[Supplied entries]:
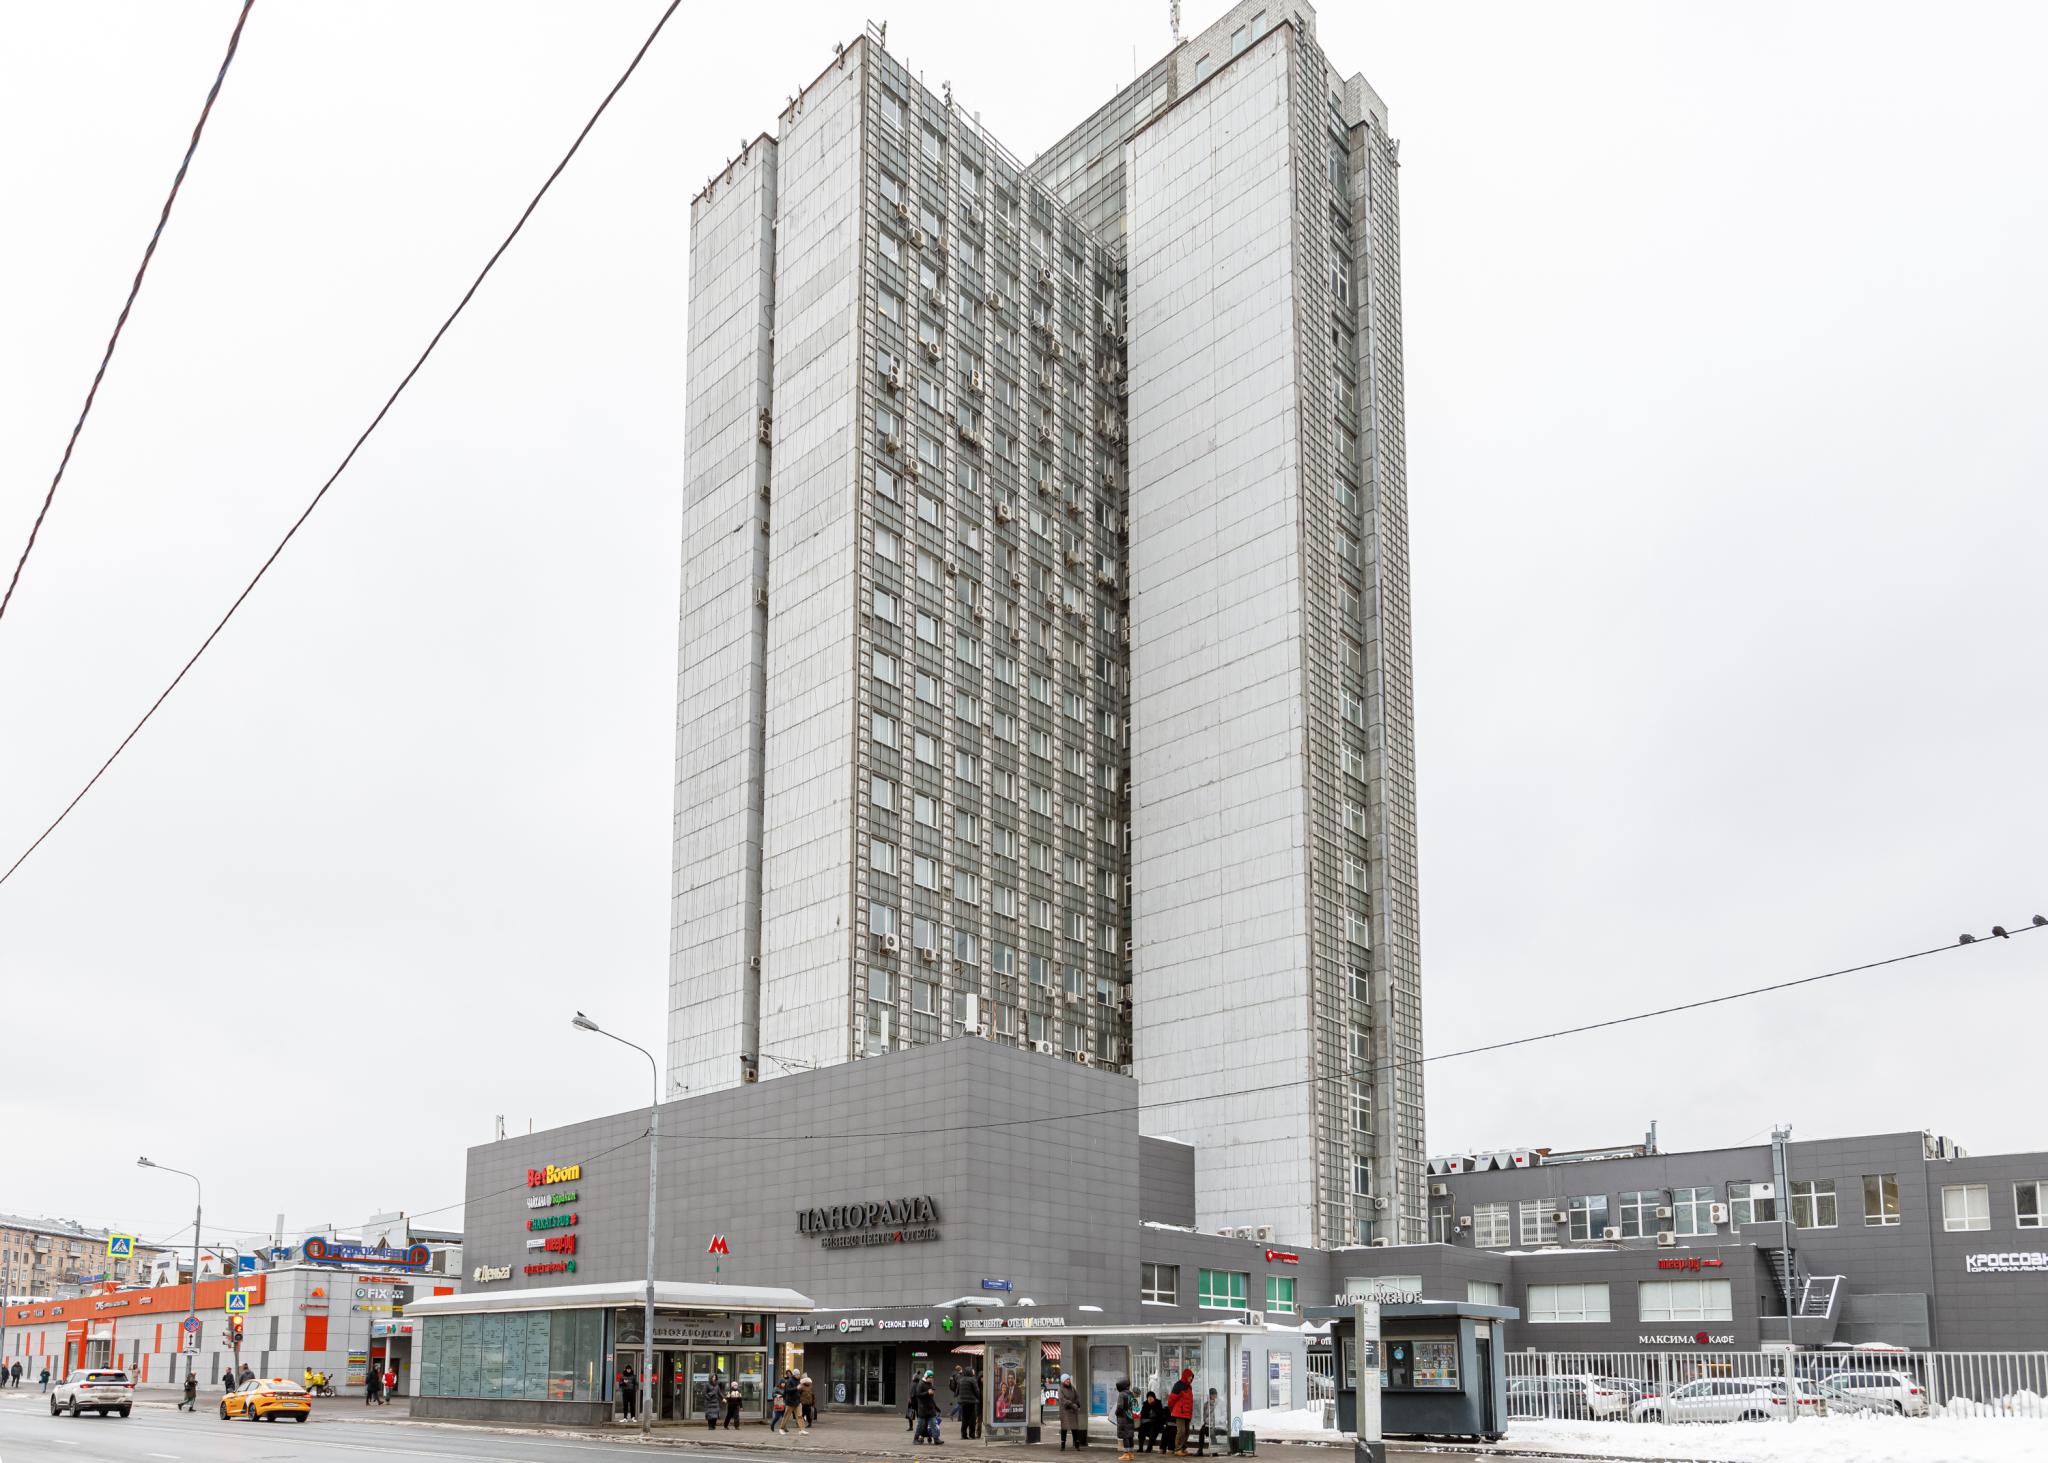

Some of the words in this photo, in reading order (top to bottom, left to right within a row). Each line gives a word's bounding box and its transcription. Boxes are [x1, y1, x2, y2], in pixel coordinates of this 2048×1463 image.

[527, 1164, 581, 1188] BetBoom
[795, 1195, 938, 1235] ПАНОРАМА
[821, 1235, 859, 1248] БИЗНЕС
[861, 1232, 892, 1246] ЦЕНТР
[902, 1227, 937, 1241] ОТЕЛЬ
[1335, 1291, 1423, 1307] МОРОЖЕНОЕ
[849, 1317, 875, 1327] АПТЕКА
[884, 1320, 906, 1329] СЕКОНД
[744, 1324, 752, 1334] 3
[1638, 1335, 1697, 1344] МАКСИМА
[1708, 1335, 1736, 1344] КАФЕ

[How to complete this task]: Pictures in the records above should not be copied. Repeat everything else exactly.

[Answer section]:
Some of the words in this photo, in reading order (top to bottom, left to right within a row). Each line gives a word's bounding box and its transcription. Boxes are [x1, y1, x2, y2], in pixel coordinates of this 2048×1463 image.

[527, 1164, 581, 1188] BetBoom
[795, 1195, 938, 1235] ПАНОРАМА
[821, 1235, 859, 1248] БИЗНЕС
[861, 1232, 892, 1246] ЦЕНТР
[902, 1227, 937, 1241] ОТЕЛЬ
[1335, 1291, 1423, 1307] МОРОЖЕНОЕ
[849, 1317, 875, 1327] АПТЕКА
[884, 1320, 906, 1329] СЕКОНД
[744, 1324, 752, 1334] 3
[1638, 1335, 1697, 1344] МАКСИМА
[1708, 1335, 1736, 1344] КАФЕ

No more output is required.